The problem Storage I/O control is addressing is the situation where some less important workloads are taking the majority of I/O bandwidth from more important applications. In the case of the three applications shown here, the data mining is hogging a majority of the storage I/O resource. And the two more important to the business operations are getting less performance than needed. <Click> what one wants to see is a distribution of I/O that is aligned with the importance of each virtual machine. Where the most important business critical applications are getting the I/O bandwidth needed for them to be responsive and the less critical data mining application is taking less I/O bandwidth.
I/O shares can be set at the Virtual Machine level and although this capability has been there for a few previous releases, it was not enforced on a VMware cluster wide level until release 4.1. Prior to 4.1 the I/O shares and limits were enforced for a VM with more than one virtual disk or a number of VMs on a single ESX server. <click> But with 4.1 these I/O shares are now used to distribute I/O bandwidth across all the ESX servers which have access to that shared datastore.
The ability to set shares for I/O is done via edit properties on the virtual machine. This screen shows two virtual disks and the ability to set priority and limits on the I/Os per second.
Once the shares are set on the virtual machines in a vmware cluster, one needs to also enable the “Storage I/O Control” option on the properties screen for that datastores on which you want to have Storage I/O control working. The other thing that is needed for Storage I/O to kick in is that congestion measured in the form of latency must exist for a period of time on the datastore before the I/O control kicks in. The example which comes to mind is a car pool lane is not typically enforced when there is not a lot of traffic on the highway. It would be of limited value if you could travel at the same speed in the non car pool lane as well as the car pool lane. In much the same way, Storage I/O control will not be put into action when there is latency below a sustained value of 30 msec.

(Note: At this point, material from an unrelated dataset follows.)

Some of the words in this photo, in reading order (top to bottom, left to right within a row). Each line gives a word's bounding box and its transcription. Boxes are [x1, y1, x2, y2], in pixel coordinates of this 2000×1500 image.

One can then observe which VMs have what shares and limits set via the virtual machine tab for the datastore. As datastores are now objects managed by vCenter, there are several new views in vSphere that enable you see which ESX Servers are connected to a datastore and which VMs are sharing that datastore. Many of these views also allow one to customize which columns are displayed and create specific views to report on usage.

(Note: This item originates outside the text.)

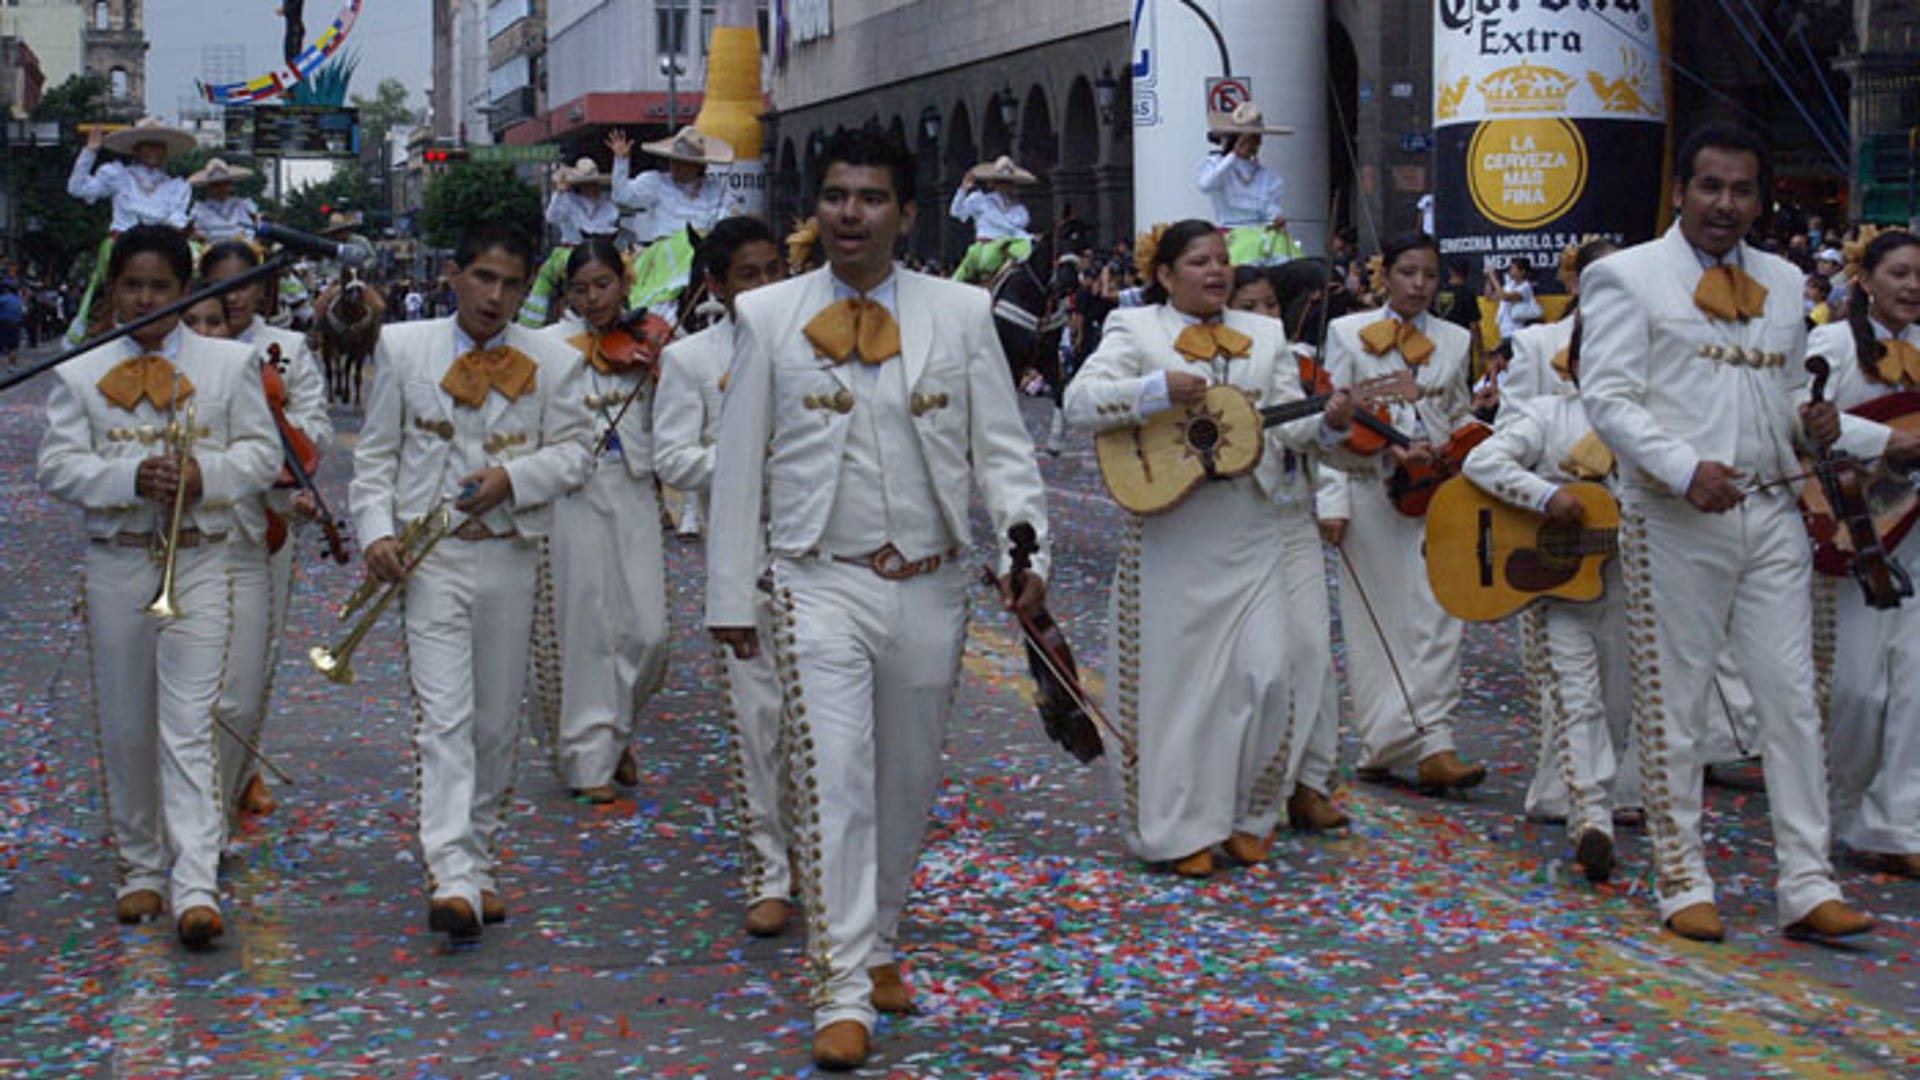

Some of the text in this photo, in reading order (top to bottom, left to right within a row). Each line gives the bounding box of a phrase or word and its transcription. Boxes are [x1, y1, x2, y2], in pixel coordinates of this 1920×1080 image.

[1479, 18, 1581, 55] Extra
[1510, 135, 1536, 151] LA
[1483, 152, 1567, 170] CERVEZA
[1503, 187, 1546, 205] FINA

The way in which these I/O shares are used to effect performance is that queue depth for each ESX server can be assigned and throttled to align the specific shares assigned for each VM running on the collective pool of storage. In the case of our 3 VMs displayed earlier, we have the data mining vm getting the least number of queues assigned while the other two VMs are getting many more queuing slots enabled for their I/O.

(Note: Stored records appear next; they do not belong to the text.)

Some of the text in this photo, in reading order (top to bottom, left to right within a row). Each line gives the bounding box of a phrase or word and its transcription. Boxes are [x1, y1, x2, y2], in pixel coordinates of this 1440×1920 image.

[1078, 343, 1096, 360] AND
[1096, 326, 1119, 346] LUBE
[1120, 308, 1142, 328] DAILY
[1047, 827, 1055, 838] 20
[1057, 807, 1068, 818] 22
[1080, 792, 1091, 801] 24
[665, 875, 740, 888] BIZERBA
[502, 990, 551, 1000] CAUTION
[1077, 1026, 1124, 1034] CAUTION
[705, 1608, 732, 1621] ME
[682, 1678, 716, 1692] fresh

It is important to understand that SIOC does not kick in until the congestion of the datastore gets above the threshold of 35 ms for a period of time. It is a weighted average that is used to determine this latency is not just a minor spike that comes and goes quickly. This threshold value can be modified but should be done only with great care and consideration as if its too low, it might be on and off again a lot or if too high might not kick in at all.